Task requirements: Your task is to return all of the records exactly, minus any images.

Dataset entries:

........

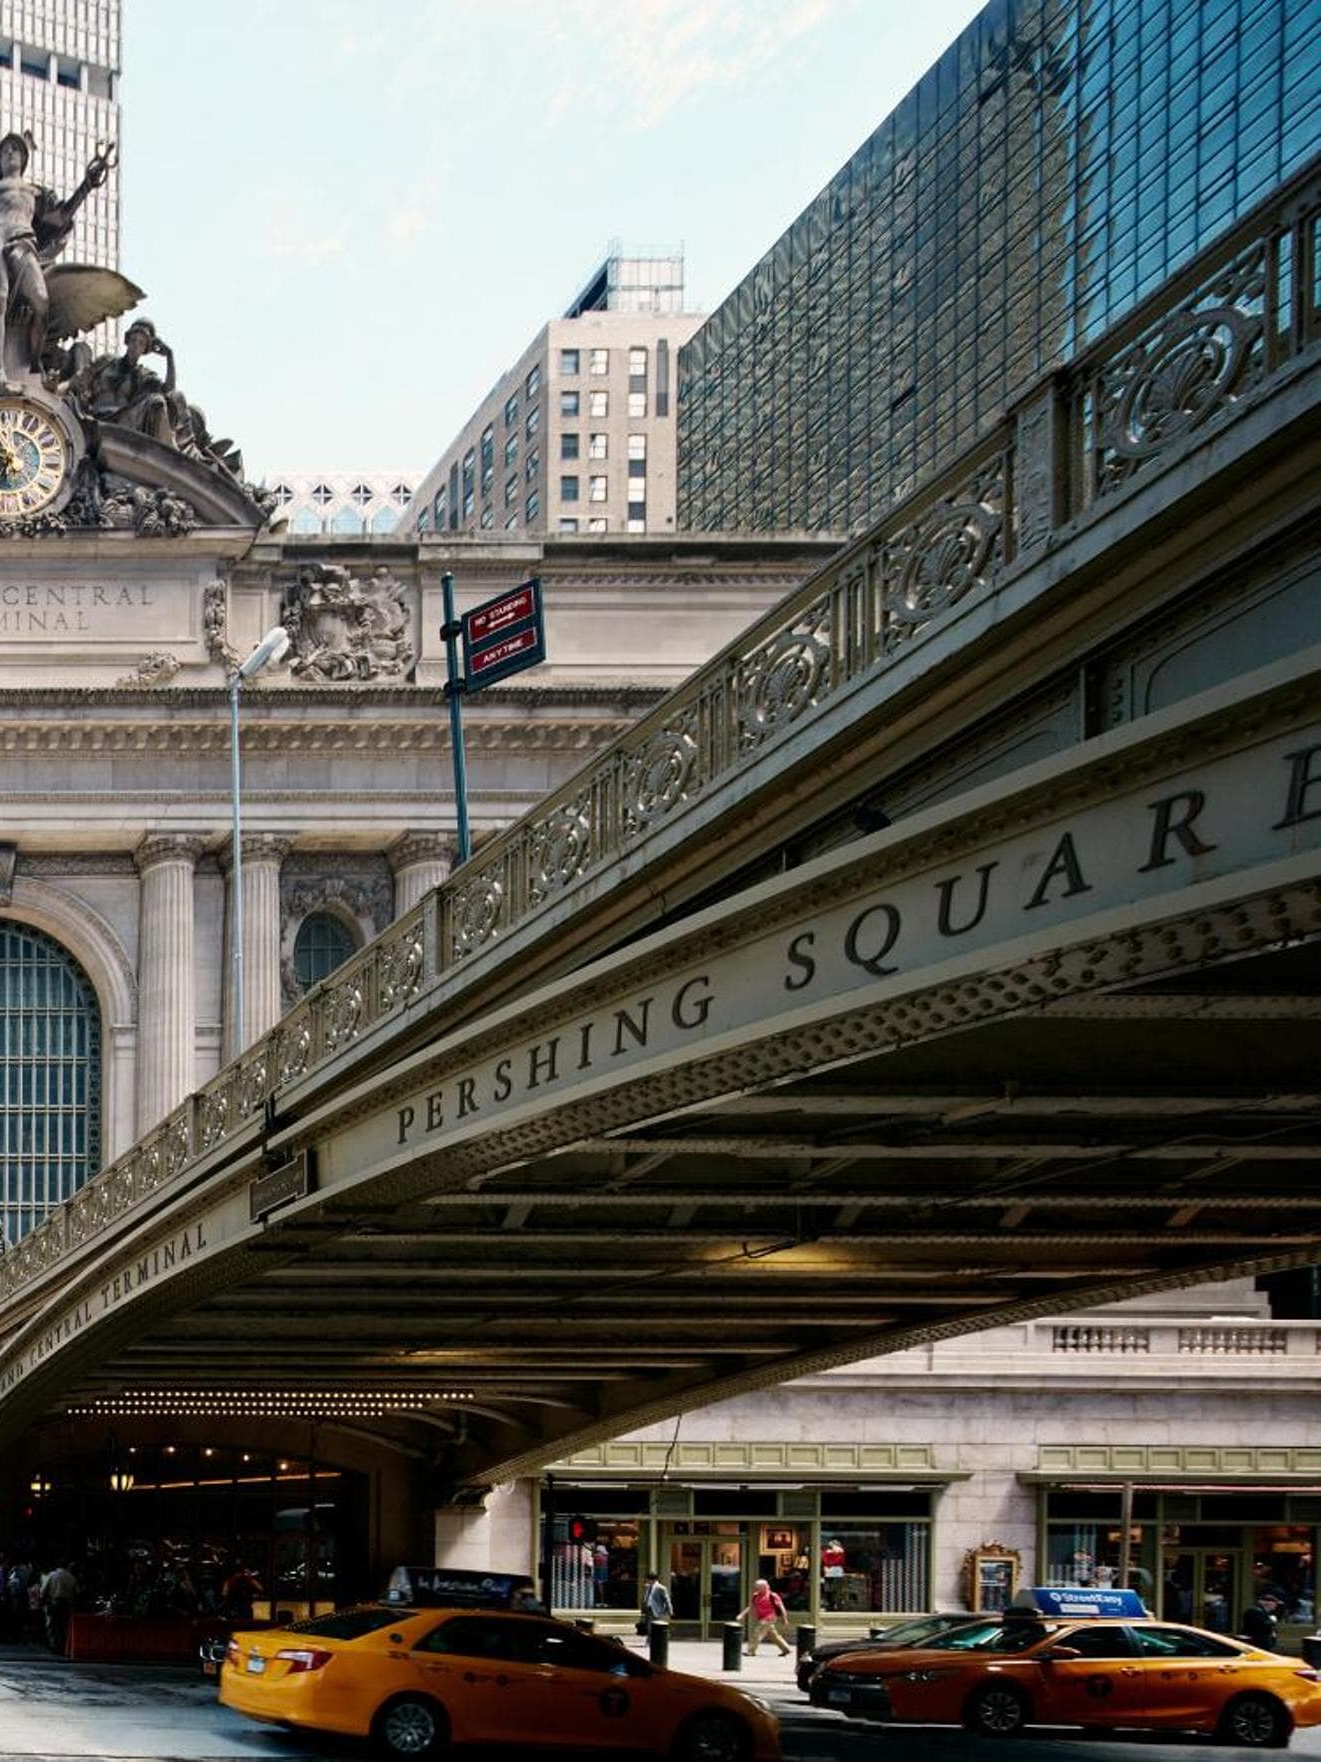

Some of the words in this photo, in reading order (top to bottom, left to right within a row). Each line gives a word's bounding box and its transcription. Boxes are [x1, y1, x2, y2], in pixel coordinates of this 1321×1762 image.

[1, 585, 155, 606] CENTRAL
[474, 615, 488, 627] NO
[397, 975, 715, 1145] PERSHING
[784, 742, 1321, 992] SQUARE
[29, 1301, 93, 1367] CENTRAL
[101, 1221, 208, 1309] TERMINAL
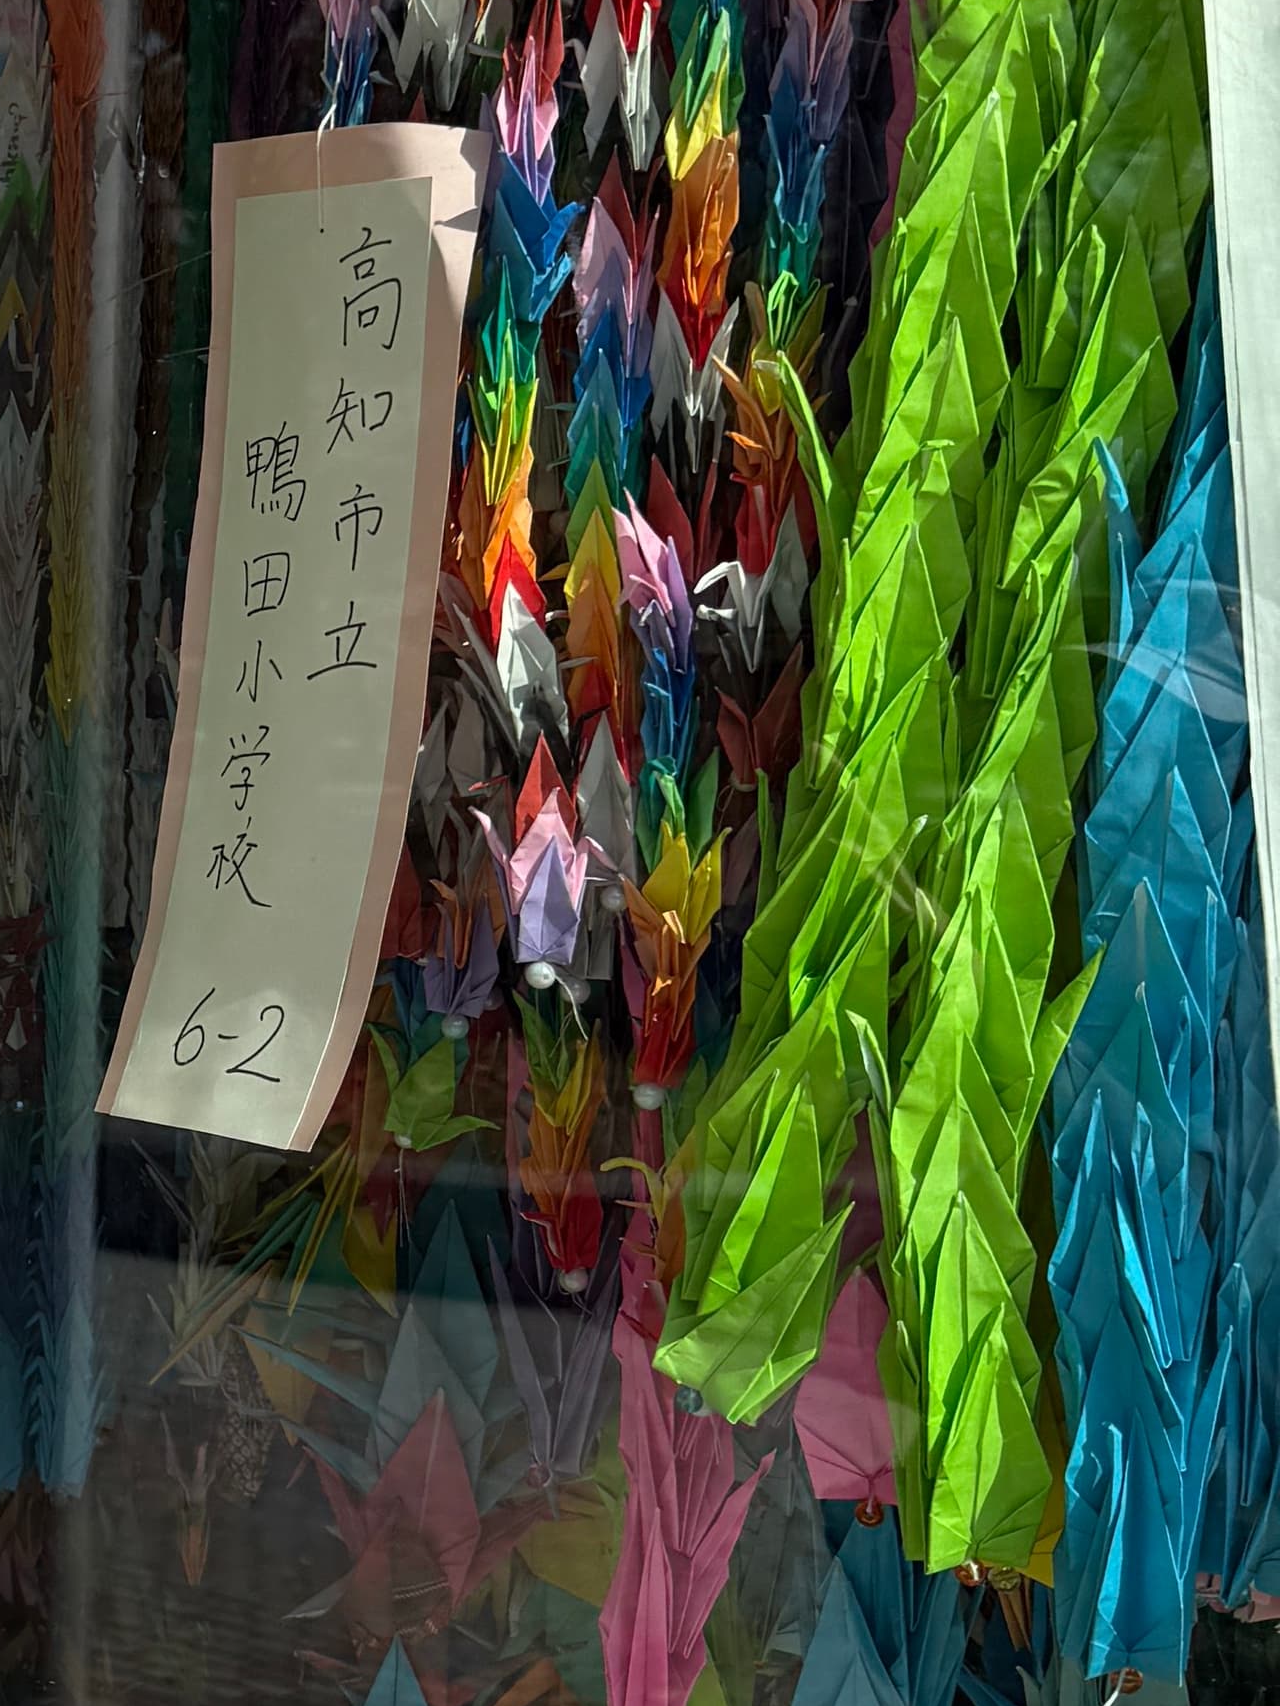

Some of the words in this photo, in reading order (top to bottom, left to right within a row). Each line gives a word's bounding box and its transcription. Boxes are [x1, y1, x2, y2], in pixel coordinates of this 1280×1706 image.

[205, 419, 307, 909] 鴨田小学校
[306, 225, 403, 683] 高知市立
[171, 986, 283, 1084] 6-2

........

Task output:
Some of the words in this photo, in reading order (top to bottom, left to right within a row). Each line gives a word's bounding box and its transcription. Boxes are [x1, y1, x2, y2], in pixel coordinates of this 1321×1762 image.

[1, 585, 155, 606] CENTRAL
[474, 615, 488, 627] NO
[397, 975, 715, 1145] PERSHING
[784, 742, 1321, 992] SQUARE
[29, 1301, 93, 1367] CENTRAL
[101, 1221, 208, 1309] TERMINAL

Some of the words in this photo, in reading order (top to bottom, left to right within a row). Each line gives a word's bounding box and its transcription. Boxes are [x1, y1, x2, y2], in pixel coordinates of this 1280×1706 image.

[205, 419, 307, 909] 鴨田小学校
[306, 225, 403, 683] 高知市立
[171, 986, 283, 1084] 6-2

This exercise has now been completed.